[ABOUT THIS EXERCISE]
Word for word, restate all the records; images are not part of the copy.

[DATA FOR THE TASK — start]

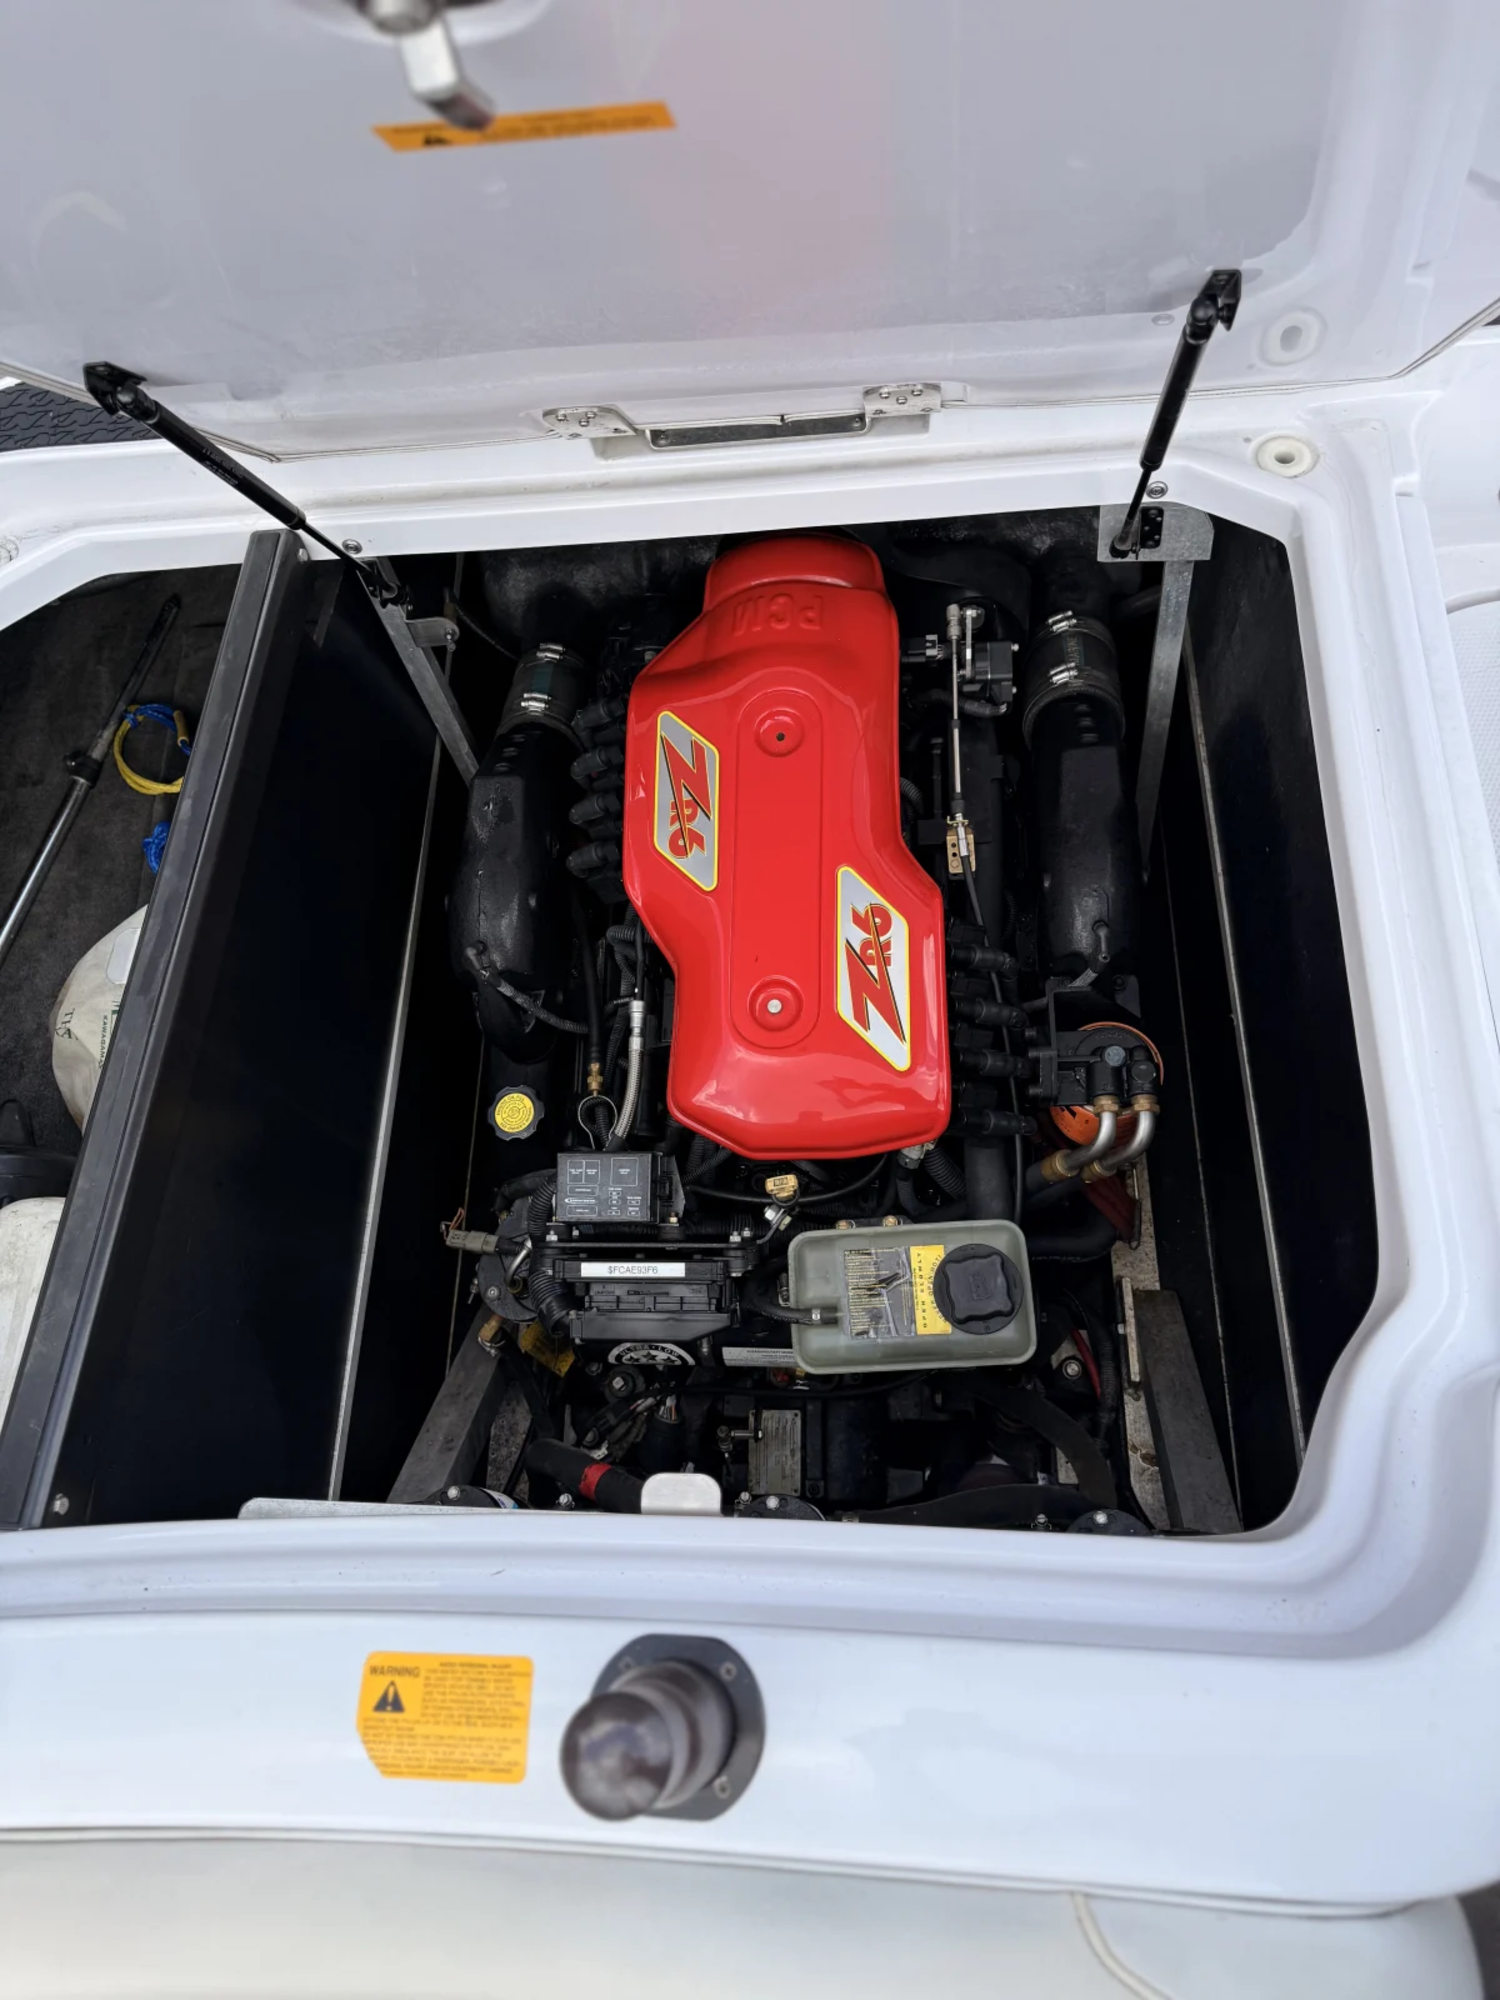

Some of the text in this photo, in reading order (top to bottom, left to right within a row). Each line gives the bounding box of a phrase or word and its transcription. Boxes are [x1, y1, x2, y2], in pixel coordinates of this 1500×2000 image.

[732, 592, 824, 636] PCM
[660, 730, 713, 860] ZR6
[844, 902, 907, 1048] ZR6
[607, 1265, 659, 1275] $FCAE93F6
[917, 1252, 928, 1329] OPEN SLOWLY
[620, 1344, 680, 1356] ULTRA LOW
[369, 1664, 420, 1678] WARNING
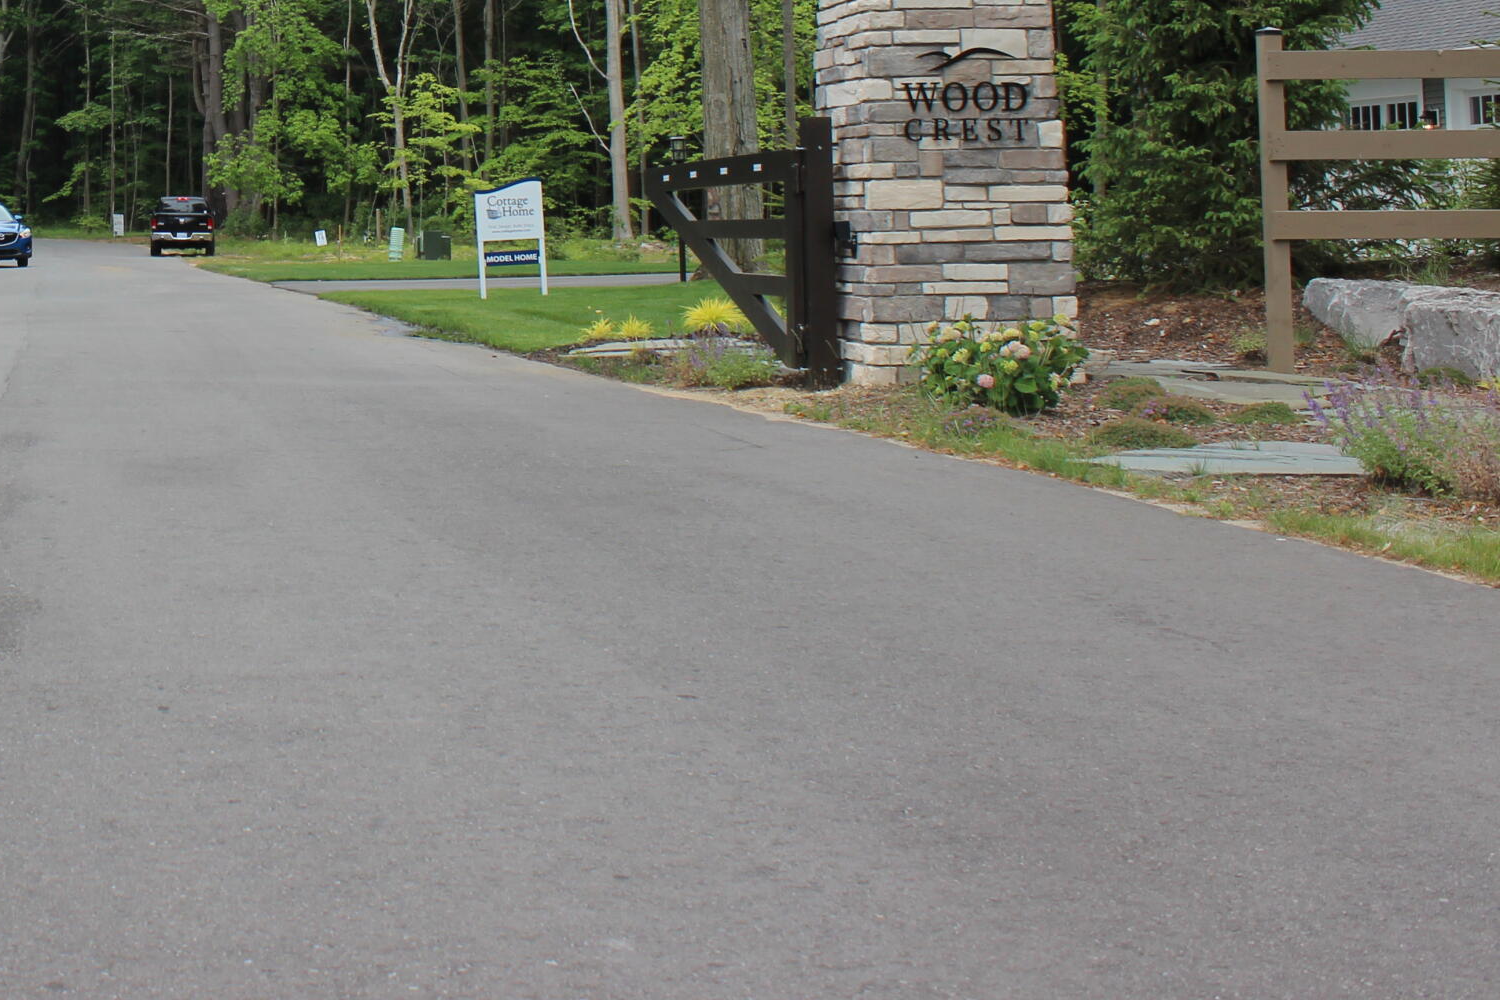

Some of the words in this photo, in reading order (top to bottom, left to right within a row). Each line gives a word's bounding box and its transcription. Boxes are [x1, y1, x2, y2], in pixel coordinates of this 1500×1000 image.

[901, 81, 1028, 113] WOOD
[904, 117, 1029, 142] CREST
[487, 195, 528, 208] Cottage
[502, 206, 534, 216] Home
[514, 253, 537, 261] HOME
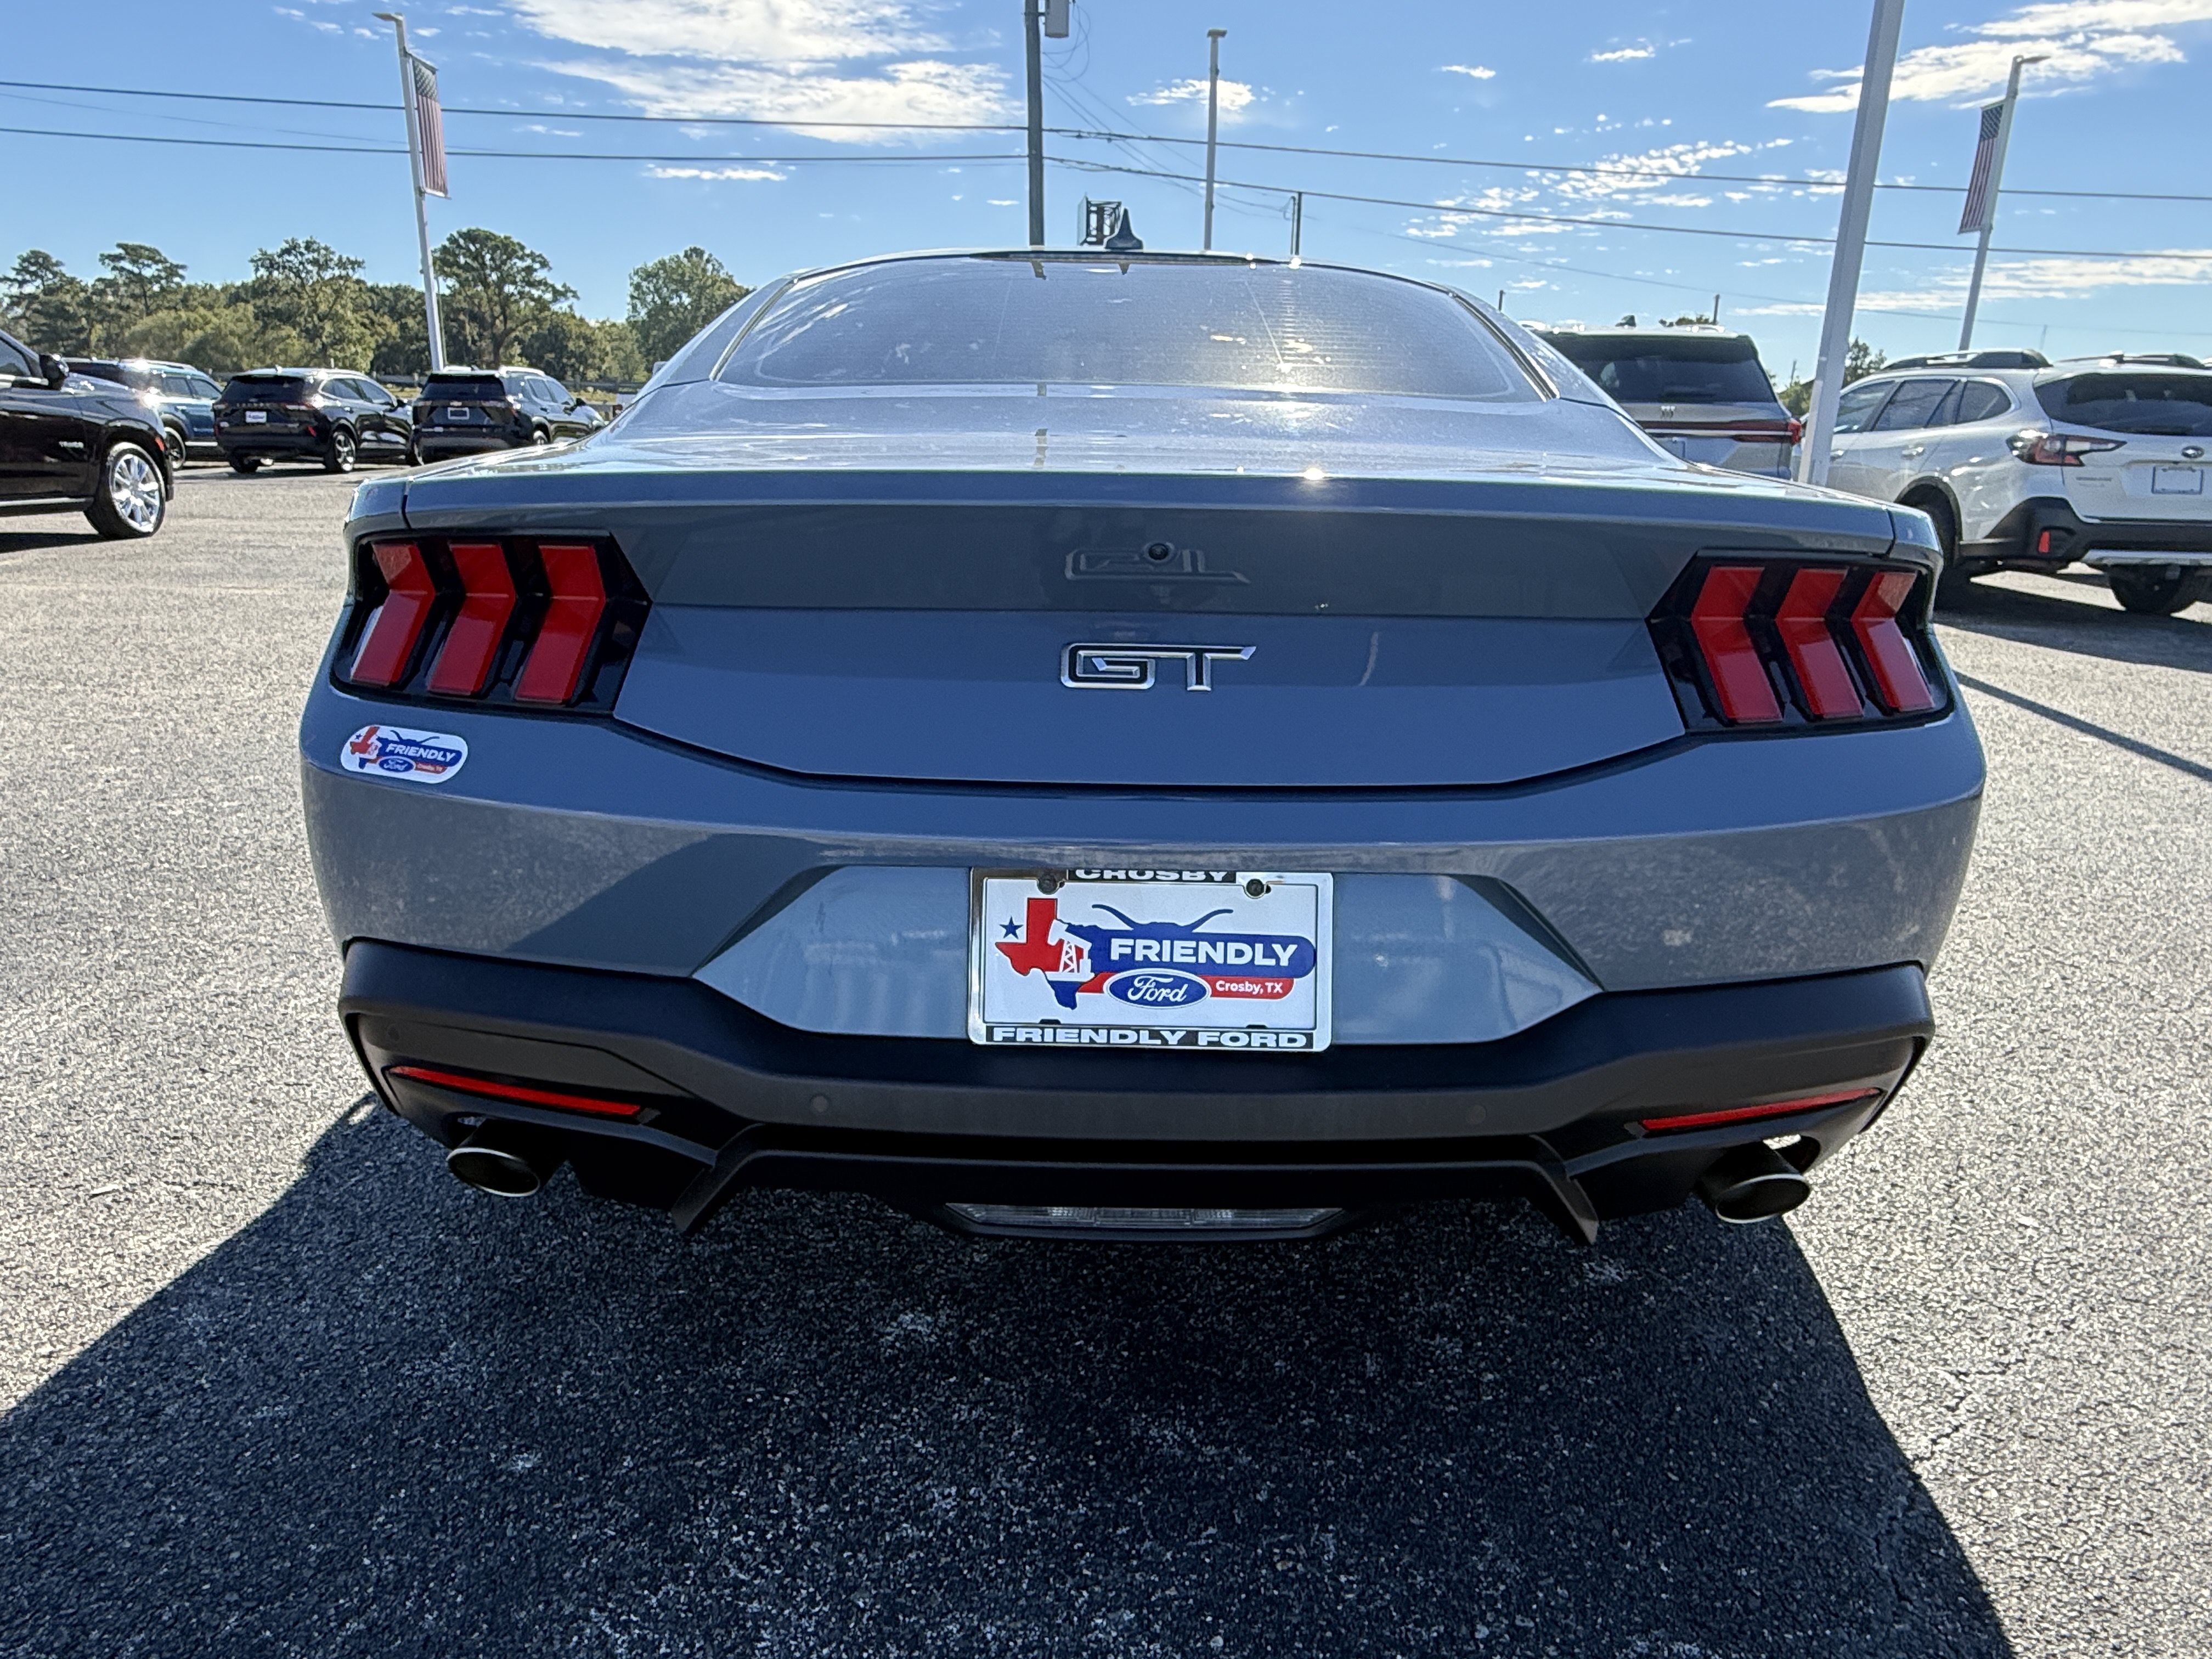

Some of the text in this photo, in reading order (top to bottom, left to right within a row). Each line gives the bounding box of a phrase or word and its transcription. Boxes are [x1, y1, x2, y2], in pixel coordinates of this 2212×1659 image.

[DATA FOR THE TASK — finish]

[SOLUTION FOR THIS PROBLEM]
Some of the text in this photo, in reading order (top to bottom, left to right within a row). Each line gives the bounding box of a phrase or word and its transcription. Boxes are [x1, y1, x2, y2], in pixel coordinates of this 1500×2000 image.

[732, 592, 824, 636] PCM
[660, 730, 713, 860] ZR6
[844, 902, 907, 1048] ZR6
[607, 1265, 659, 1275] $FCAE93F6
[917, 1252, 928, 1329] OPEN SLOWLY
[620, 1344, 680, 1356] ULTRA LOW
[369, 1664, 420, 1678] WARNING

Some of the words in this photo, in reading order (top to bottom, left to right within a row). Each line gives a word's bounding box and its transcription. Boxes are [x1, y1, x2, y2], in pixel coordinates of this 1500×1000 image.

[901, 81, 1028, 113] WOOD
[904, 117, 1029, 142] CREST
[487, 195, 528, 208] Cottage
[502, 206, 534, 216] Home
[514, 253, 537, 261] HOME

Some of the text in this photo, in reading order (top to bottom, left to right within a row). Each line gives the bounding box of a phrase or word and its transcription. Boxes are [x1, y1, x2, y2], in pixel coordinates of this 2212×1659 image.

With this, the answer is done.